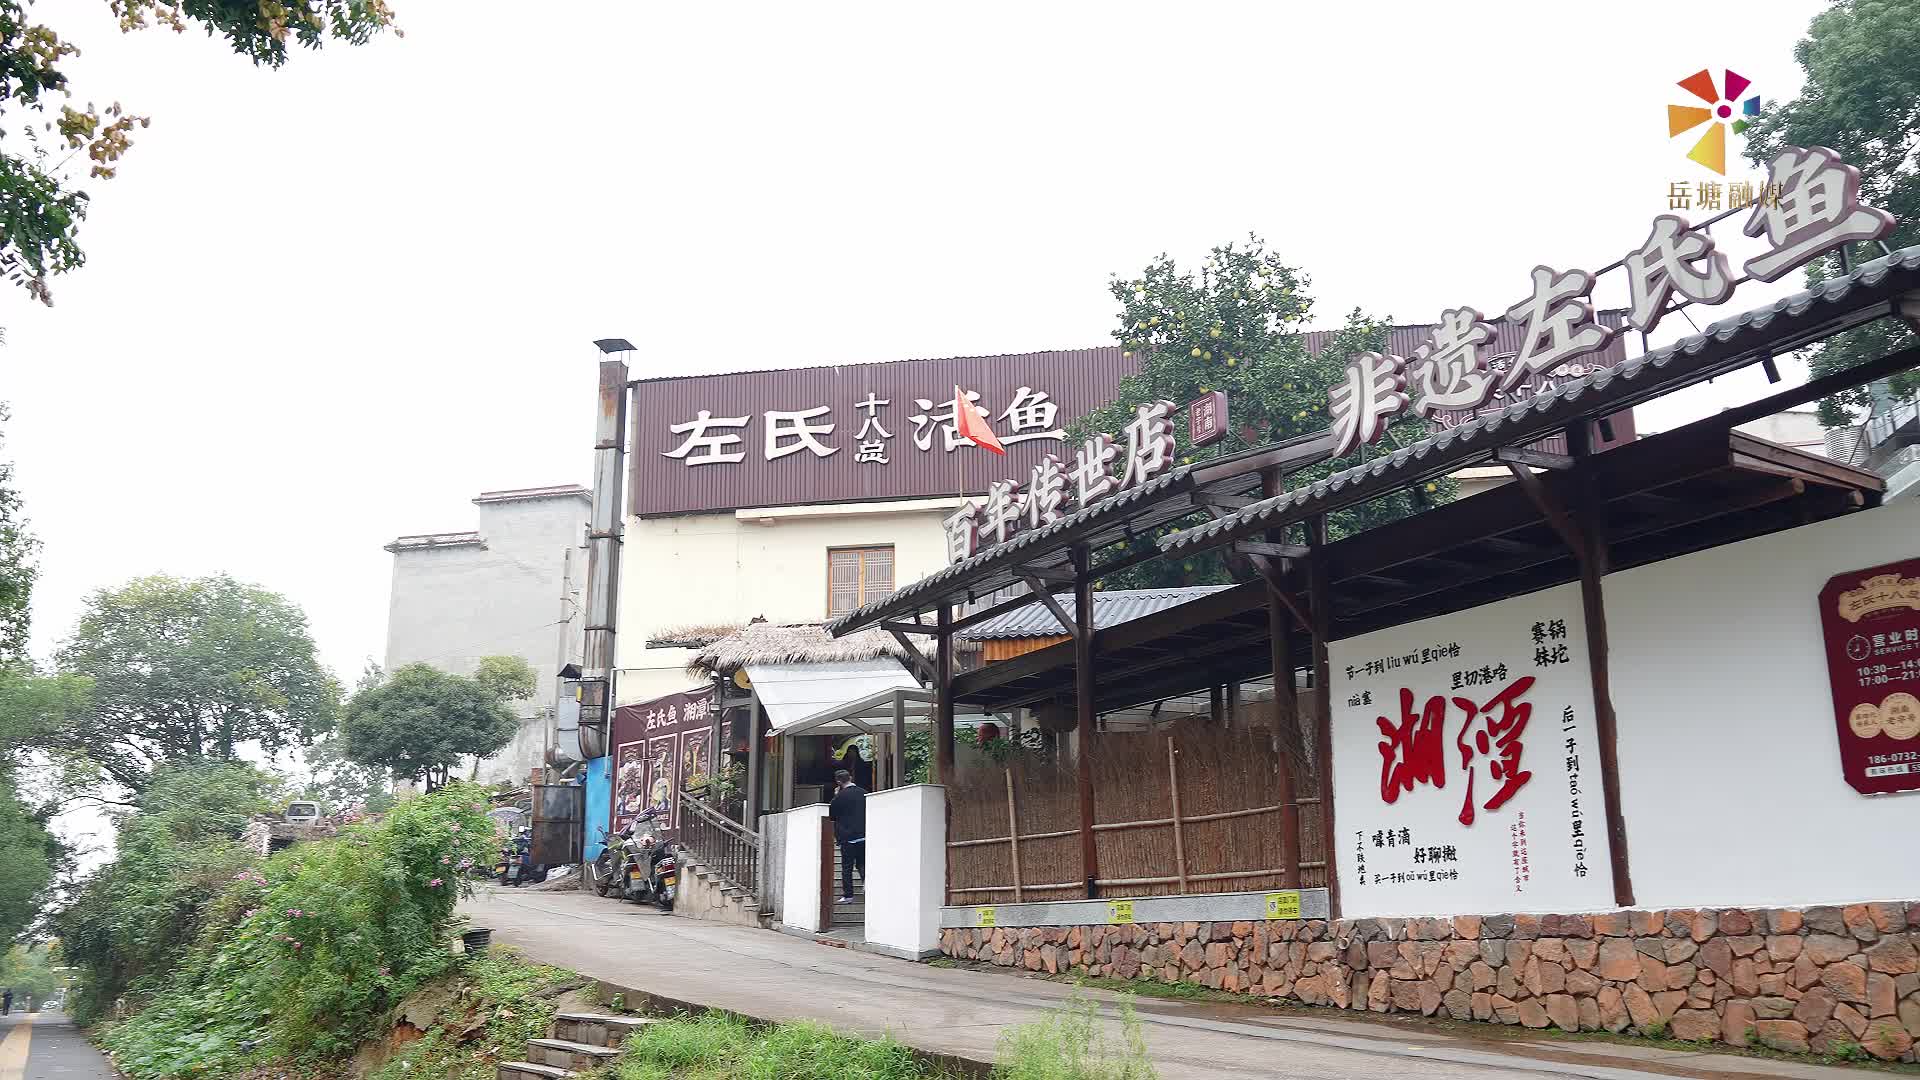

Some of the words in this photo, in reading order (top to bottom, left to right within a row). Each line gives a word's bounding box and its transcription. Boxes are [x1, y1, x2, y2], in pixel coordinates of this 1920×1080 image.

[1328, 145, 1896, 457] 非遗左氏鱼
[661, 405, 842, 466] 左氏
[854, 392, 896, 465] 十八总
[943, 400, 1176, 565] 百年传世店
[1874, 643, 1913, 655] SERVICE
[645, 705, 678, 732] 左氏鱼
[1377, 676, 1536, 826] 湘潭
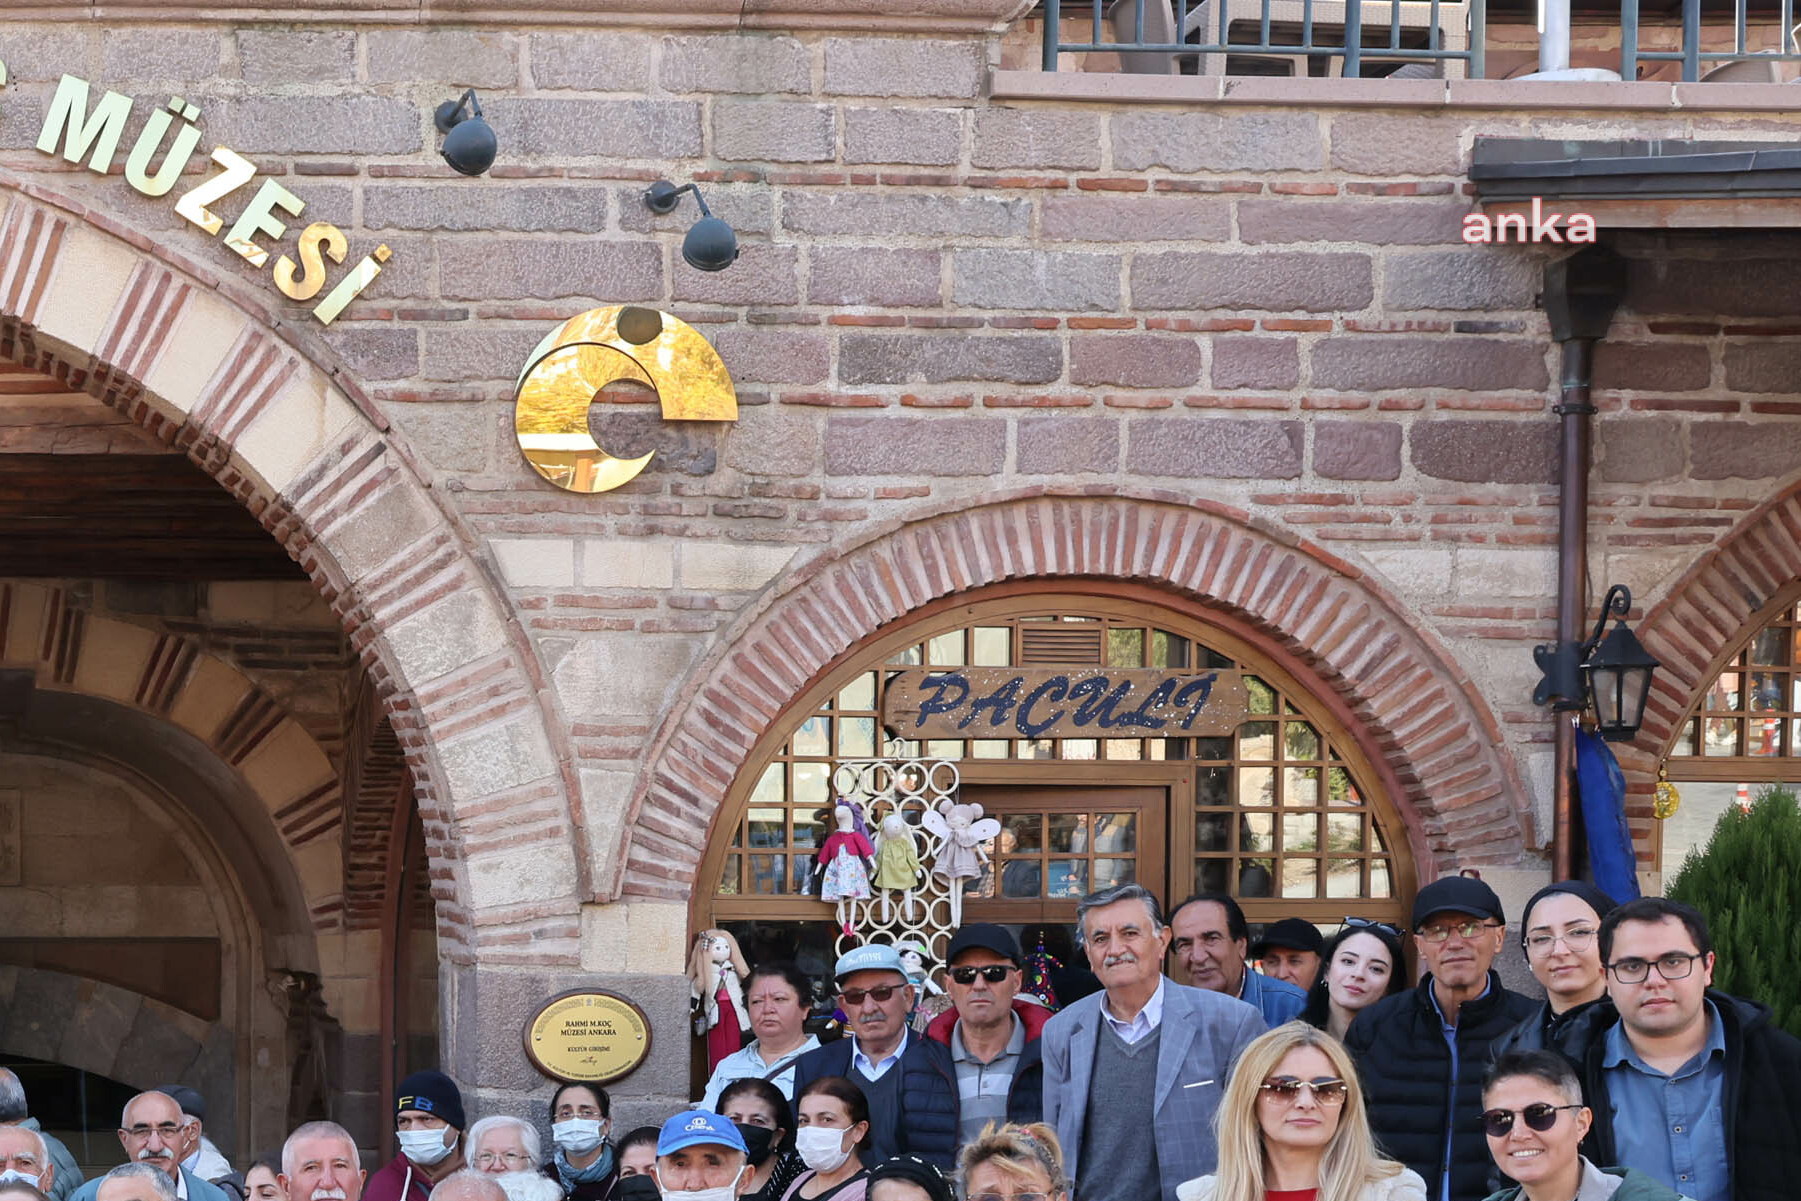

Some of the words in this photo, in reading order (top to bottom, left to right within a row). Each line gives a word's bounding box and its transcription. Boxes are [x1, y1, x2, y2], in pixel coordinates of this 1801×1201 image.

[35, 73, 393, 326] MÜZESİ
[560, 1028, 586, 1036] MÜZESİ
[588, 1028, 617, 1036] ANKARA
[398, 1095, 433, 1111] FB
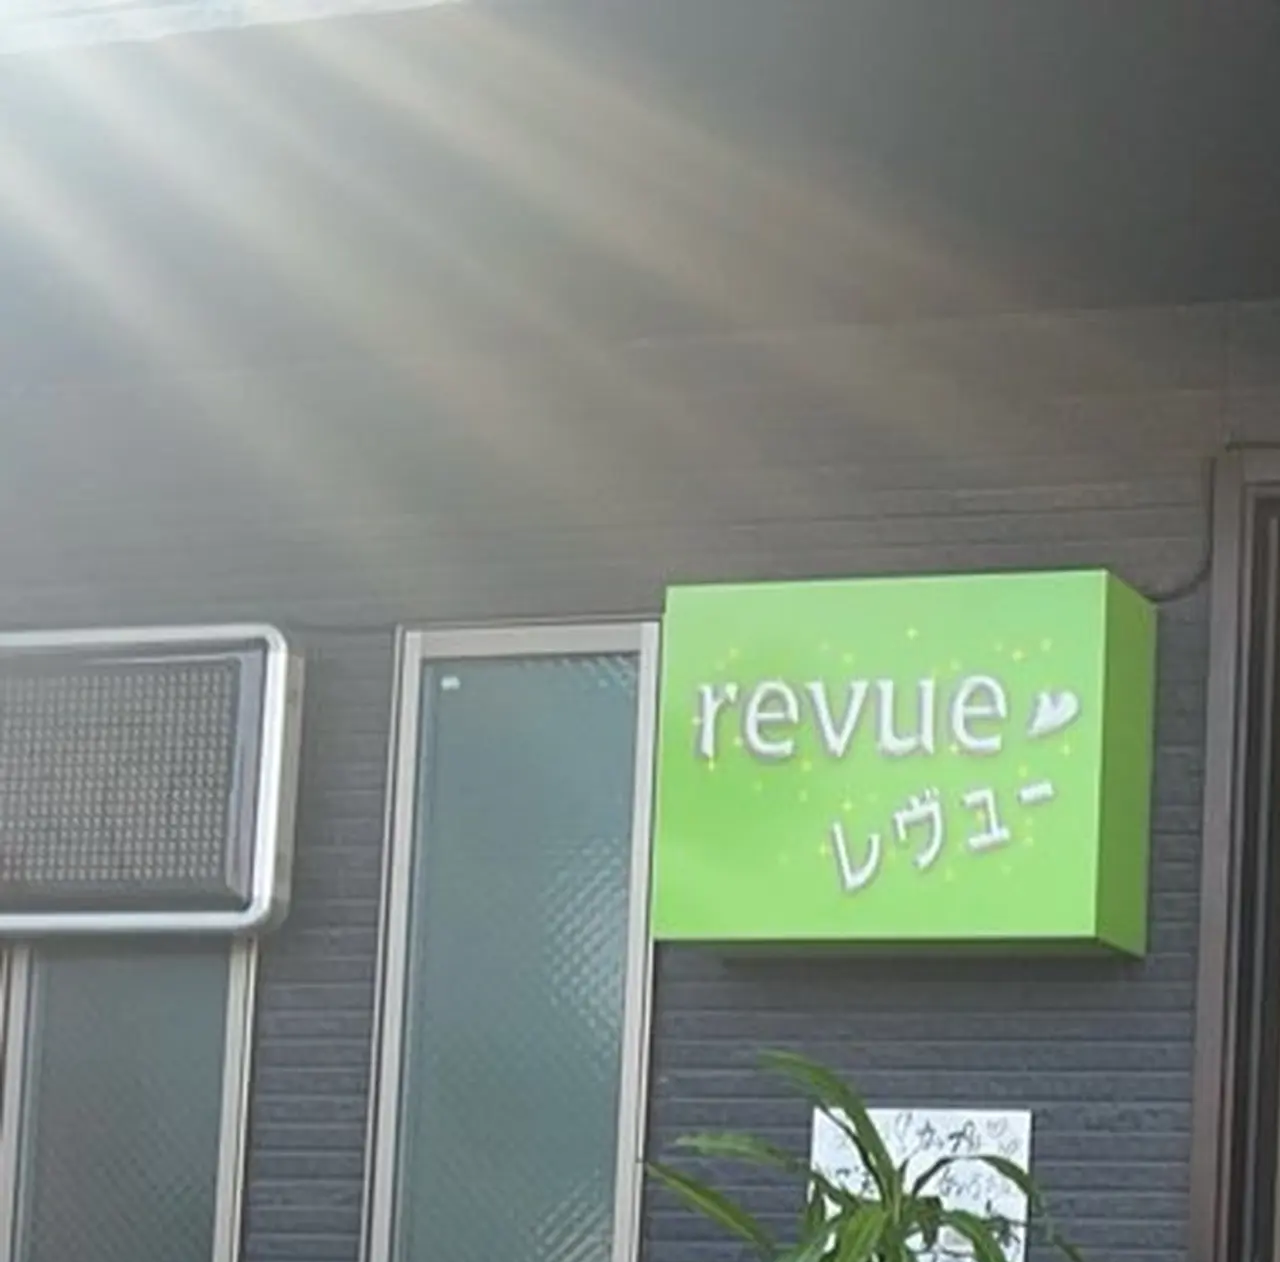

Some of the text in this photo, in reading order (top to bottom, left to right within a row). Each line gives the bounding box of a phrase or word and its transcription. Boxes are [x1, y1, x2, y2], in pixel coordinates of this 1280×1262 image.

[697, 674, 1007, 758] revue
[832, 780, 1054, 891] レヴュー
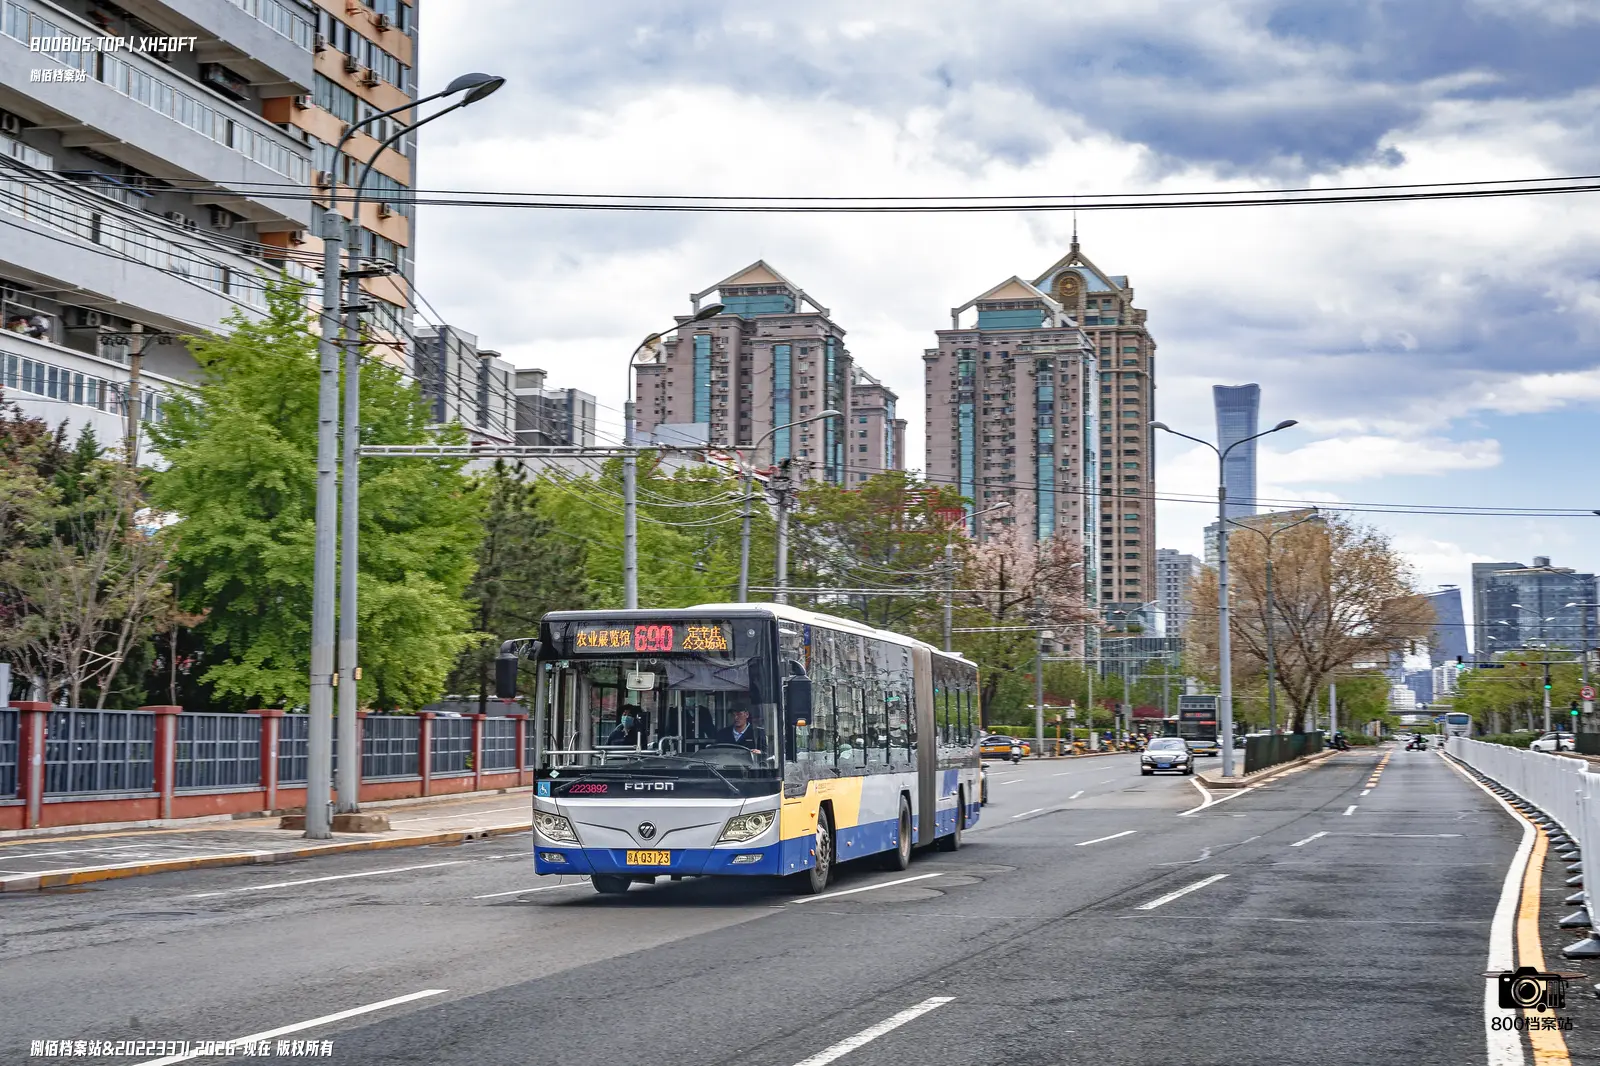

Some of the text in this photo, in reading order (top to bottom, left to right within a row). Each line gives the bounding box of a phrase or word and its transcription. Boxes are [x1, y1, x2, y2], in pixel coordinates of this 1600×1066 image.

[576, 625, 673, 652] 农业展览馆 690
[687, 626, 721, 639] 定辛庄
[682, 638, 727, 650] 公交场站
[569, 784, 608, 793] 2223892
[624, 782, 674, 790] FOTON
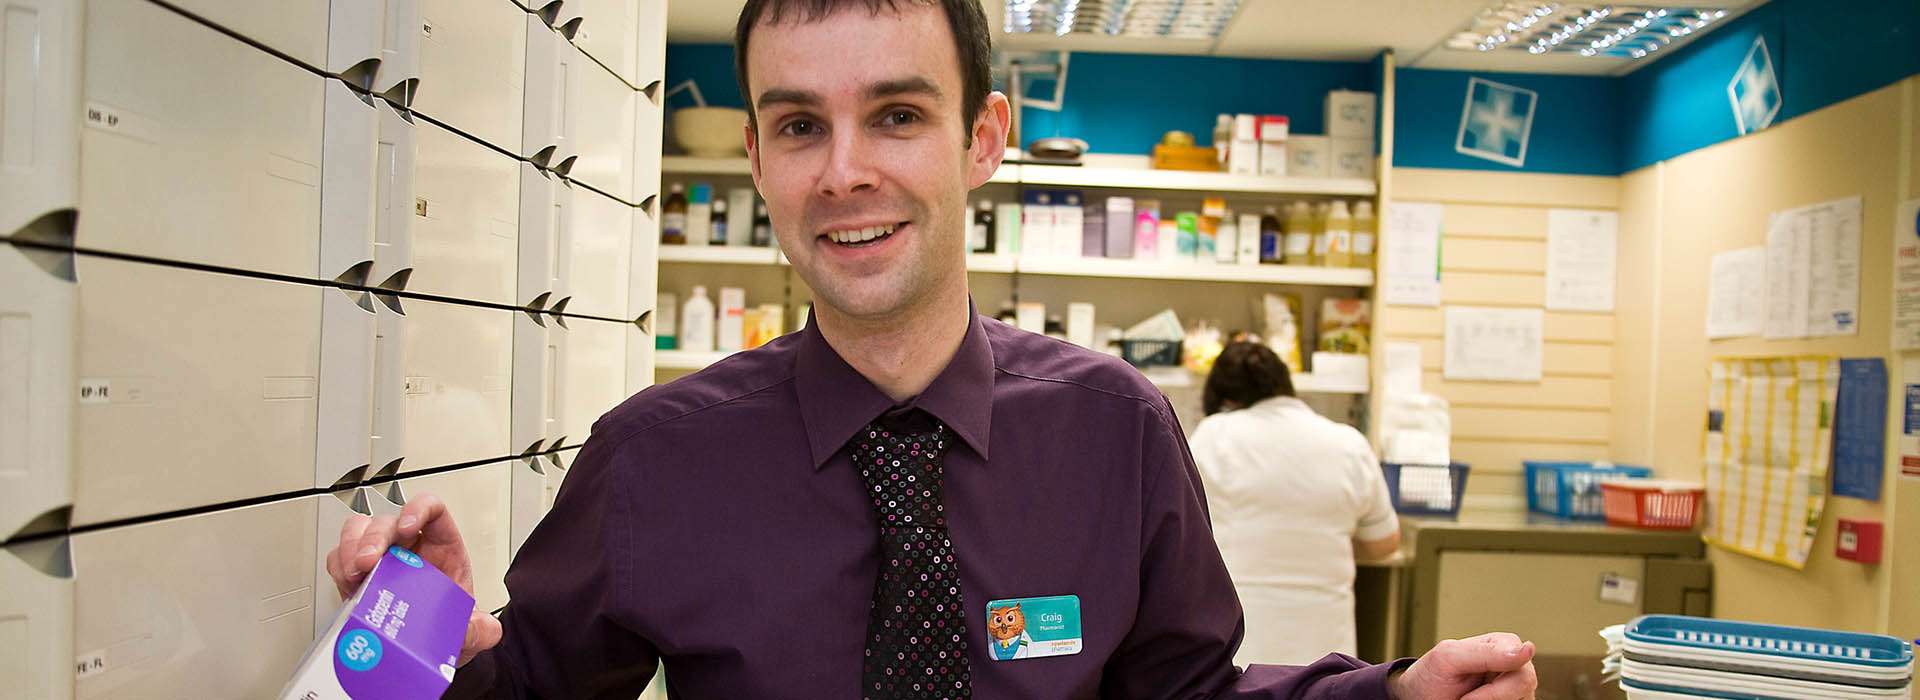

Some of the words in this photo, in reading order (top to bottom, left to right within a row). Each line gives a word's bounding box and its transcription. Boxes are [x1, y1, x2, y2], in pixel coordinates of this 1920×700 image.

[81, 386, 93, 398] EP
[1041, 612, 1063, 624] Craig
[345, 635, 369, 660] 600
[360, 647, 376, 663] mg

_What the exercise asks_
An exact restatement of the lines from the one with "this 1920×700 image." through the last line of the data is the only acceptable answer.

_Result for this exercise_
Some of the words in this photo, in reading order (top to bottom, left to right within a row). Each line gives a word's bounding box and its transcription. Boxes are [x1, y1, x2, y2], in pixel coordinates of this 1920×700 image.

[81, 386, 93, 398] EP
[1041, 612, 1063, 624] Craig
[345, 635, 369, 660] 600
[360, 647, 376, 663] mg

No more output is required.